Alora membeku, tak menyangka akan mendapat pertanyaan itu saat ini. Alora tak buta, ia tahu suatu saat ia akan menerima pertanyaan itu entah dari Adit terlebih dahulu atau dari Bryan secara langsung. Tapi ini semua terlalu cepat.

Adit yang mengerti gelagat Alora langsung menepuk pundak gadis itu. “Kalo lo gak bisa jawab, gak usah jawab gapapa. Gue juga gak maksa. Hak lo untuk jawab ataupun gak jawab apa yang gue tanyain.”

Alora tersenyum. Dalam hati, gadis itu bersyukur Adit tak memaksanya untuk menjawab.

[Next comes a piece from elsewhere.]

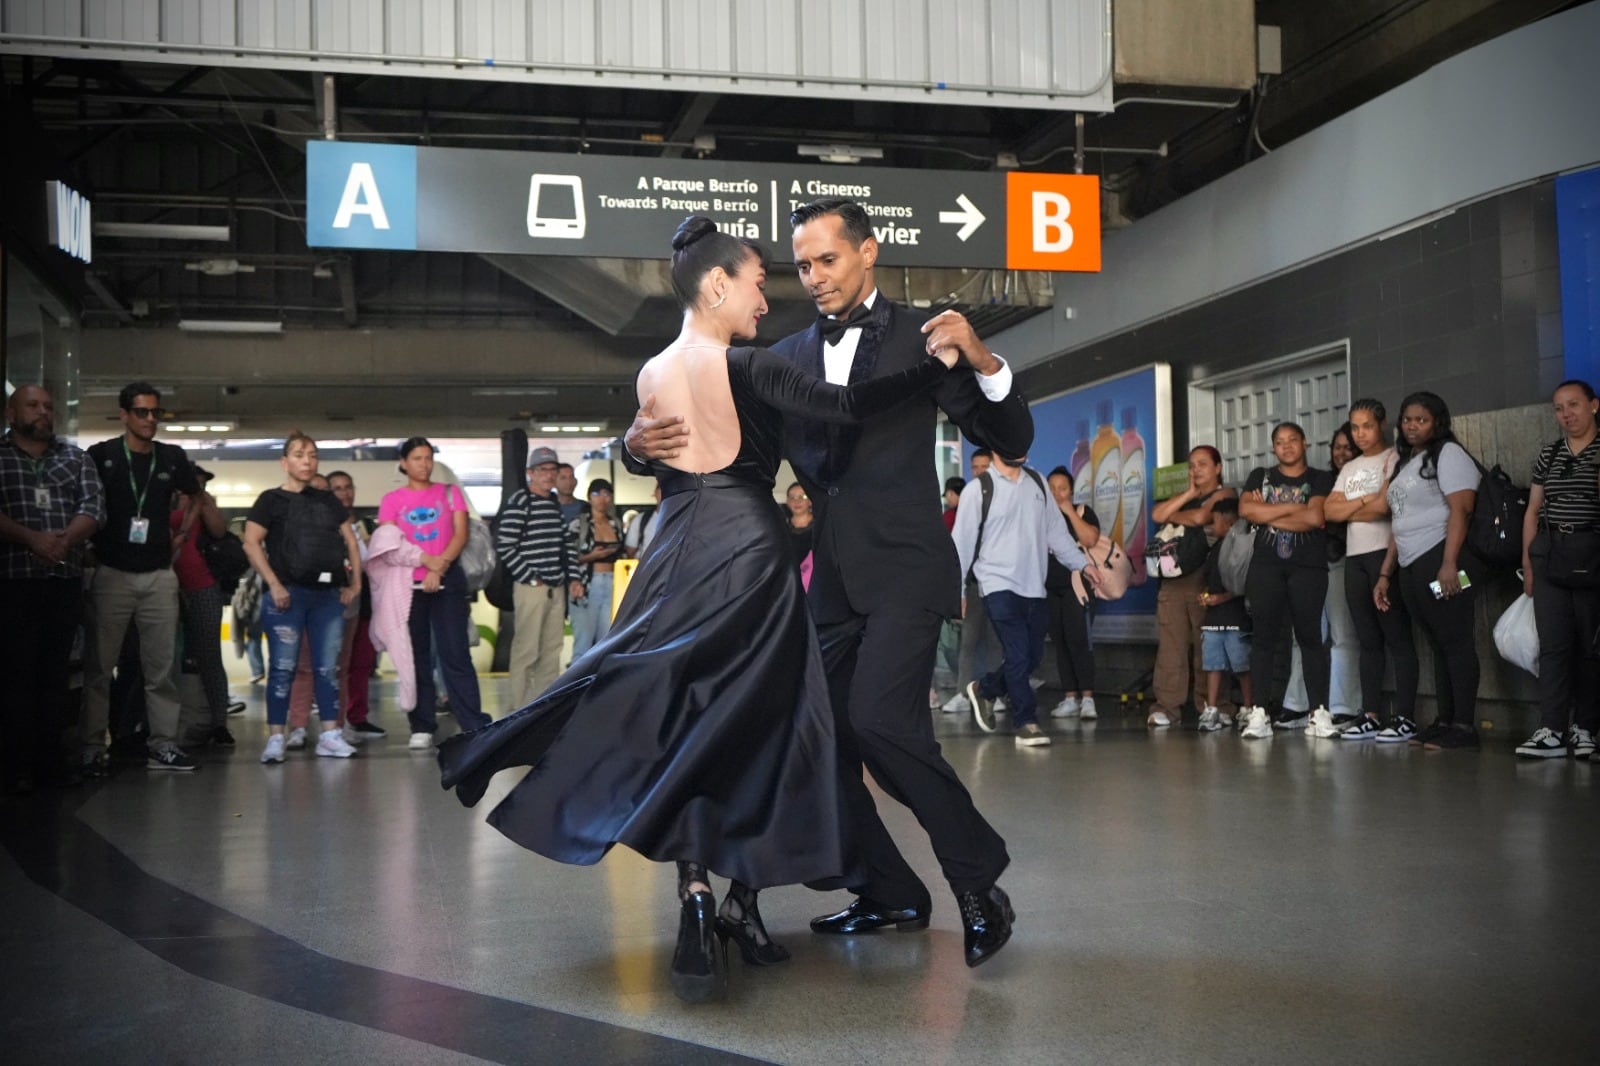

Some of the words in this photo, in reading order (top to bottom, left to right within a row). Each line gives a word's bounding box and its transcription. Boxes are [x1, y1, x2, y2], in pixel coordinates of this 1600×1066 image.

Lagi pula Alora memang belum yakin seratus persen akan menjawab ya untuk pertanyaan itu. Sebagian dalam dirinya menolak untuk merasakan jatuh cinta apalagi menjalin hubungan spesial. Alora merasa ia bukan orang yang layak merasakan cinta.

Tapi ia tahu jelas akan ada penyesalan jika ia mengatakan tidak untuk pertanyaan tadi. Alora jelas tahu kalau Bryan memberinya kenyamanan yang selama ini ia cari dan Alora menyukainya.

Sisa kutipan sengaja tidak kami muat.